A flowchart (Fig. 2) was utilized to illustrate the methodology employed in our research. The first path (1) represents the clinical model, wherein we preprocessed the clinical data and subsequently applied machine learning (ML) algorithms, which will be explained in detail later. In the second model (2) and the third model (3), ML algorithms were applied to the radiomic data and merged data, respectively. Finally, we evaluated the performance of all three models using various evaluation metrics, which will be discussed in greater detail. In this study, five machine learning techniques were put into practice: Adaptive Boosting (AdaBoost), Random Under-sampling Boosting (RUSBoost), Extreme Gradient Boosting (XGBoost), support vector machines (SVM), and Logistic Regression. These algorithms were chosen for their effectiveness in addressing classification and regression problems.
-
SVM: The support vector machines family of machine learning allows for the resolution of classification, regression, and anomaly detection problems. They are renowned for their strong theoretical guarantees, high flexibility, and ease of use even for those with no prior knowledge of data mining [26].
-
Logistic Regression: Is a statistical model that enables the study of the relationship between a group of qualitative variables Xi and a qualitative variable Y. It also allows for predicting the likelihood of an event based on the regression coefficient [27].
-
XGBoost: Is an ensemble learning method that employs a gradient reinforcement framework, is built on an ensemble decision tree, and is based on the sequential self-improvement principle; it works sequentially to improve by capitalization in comparison to previous execution [28].
-
RUSBoost: Is a variant of SMOTEBoost, designed specifically to address the issue of data class imbalance. It employs a combination of data sampling and boosting to reduce majority class sampling and to more accurately predict the minority class [29].
-
AdaBoost: Similar to XGBoost, it generates sequentially weak learners. This technique attempts to improve the system by focusing on misclassified data [30].
Evaluation metrics
Imbalanced datasets pose a significant challenge for machine learning models due to the unequal distribution of classes, leading to difficulties in accurately predicting the minority class. This issue is commonly encountered in various health applications [31], including our study.

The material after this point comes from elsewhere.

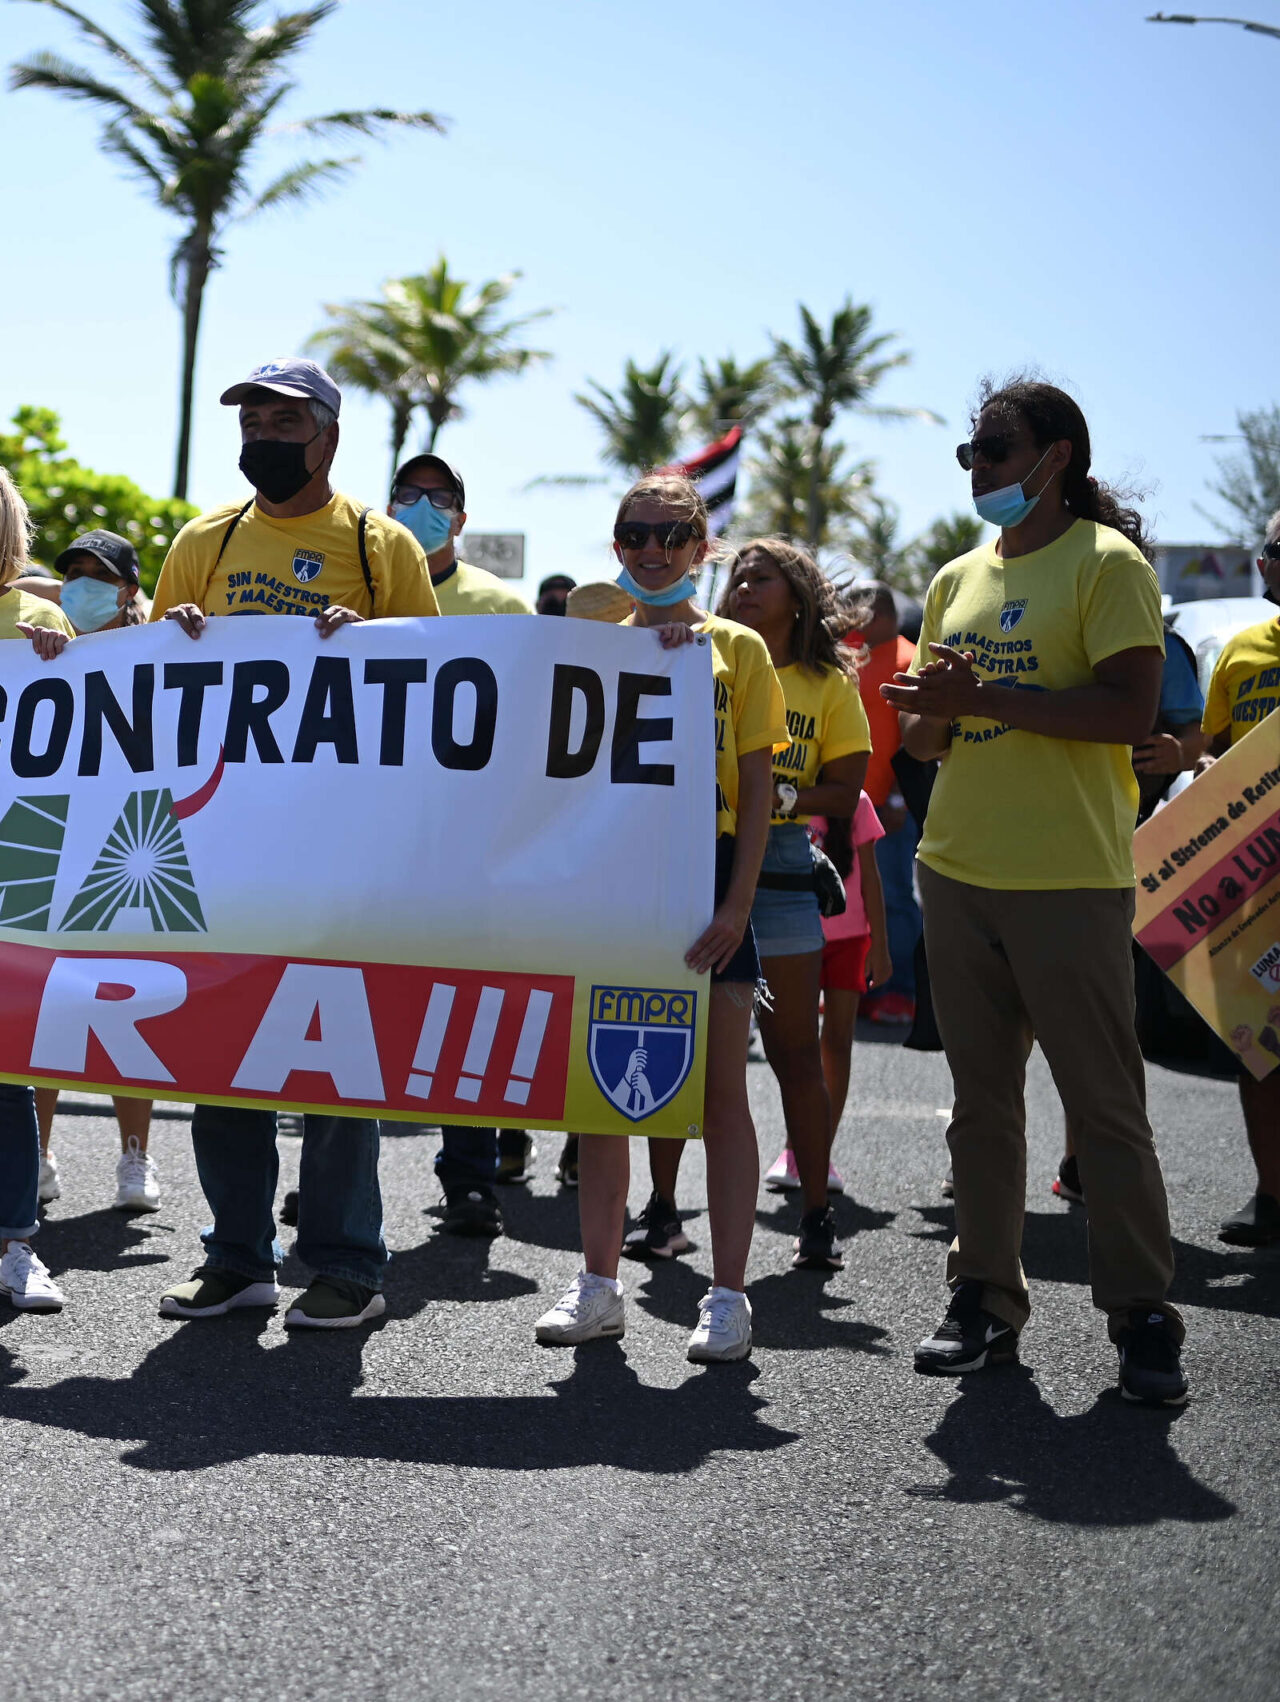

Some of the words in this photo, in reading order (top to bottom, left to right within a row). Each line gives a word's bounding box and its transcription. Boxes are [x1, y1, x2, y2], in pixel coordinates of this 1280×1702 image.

Specifically, our dataset exhibited a higher number of instances representing the non-recurrence event class compared to the recurrence event class. Consequently, evaluating the performance of machine learning algorithms on this dataset requires the utilization of evaluation metrics that effectively address the problem of imbalanced data distribution.
The metrics used in this study are as follows:
Precision and recall
Are essential metrics in classification because of their robustness and interpretability. They are based on the confusion matrix and focus on the performance of the model on positive individuals:
Precision: Is also known as positive predictive value, and it measures the model’s ability to avoid making an error during a positive prediction. It corresponds to the success rate of positive predictions.
Recall: Is sometimes referred to as sensitivity, true-positive rate, or hit rate. It measures the model’s ability to identify all positive individuals and is correlated with the model’s detection rate of positive individuals.
F1 score
It is the average of recall and precision, which shows how recall and precision can be combined to produce a higher rating. Consequently, it performs well on an imbalanced dataset.
ROC curve
ROC is the abbreviation of “receiver operator characteristics”. It is used to evaluate the effectiveness of various model classifications from one or more models. The higher the value of a curve, the larger the area under the curve, the less error the classifier makes.
AUC
It is an acronym for “area under the ROC curve.” It is a synopsis of the ROC curve that shows the degree to which a classifier is capable of differentiating across classes. The model performs better at differentiating between positive and negative classes the higher its AUC.
Results
The results obtained from the first, second, and third model are illustrated in the tables below (Tables 1, 2, 3).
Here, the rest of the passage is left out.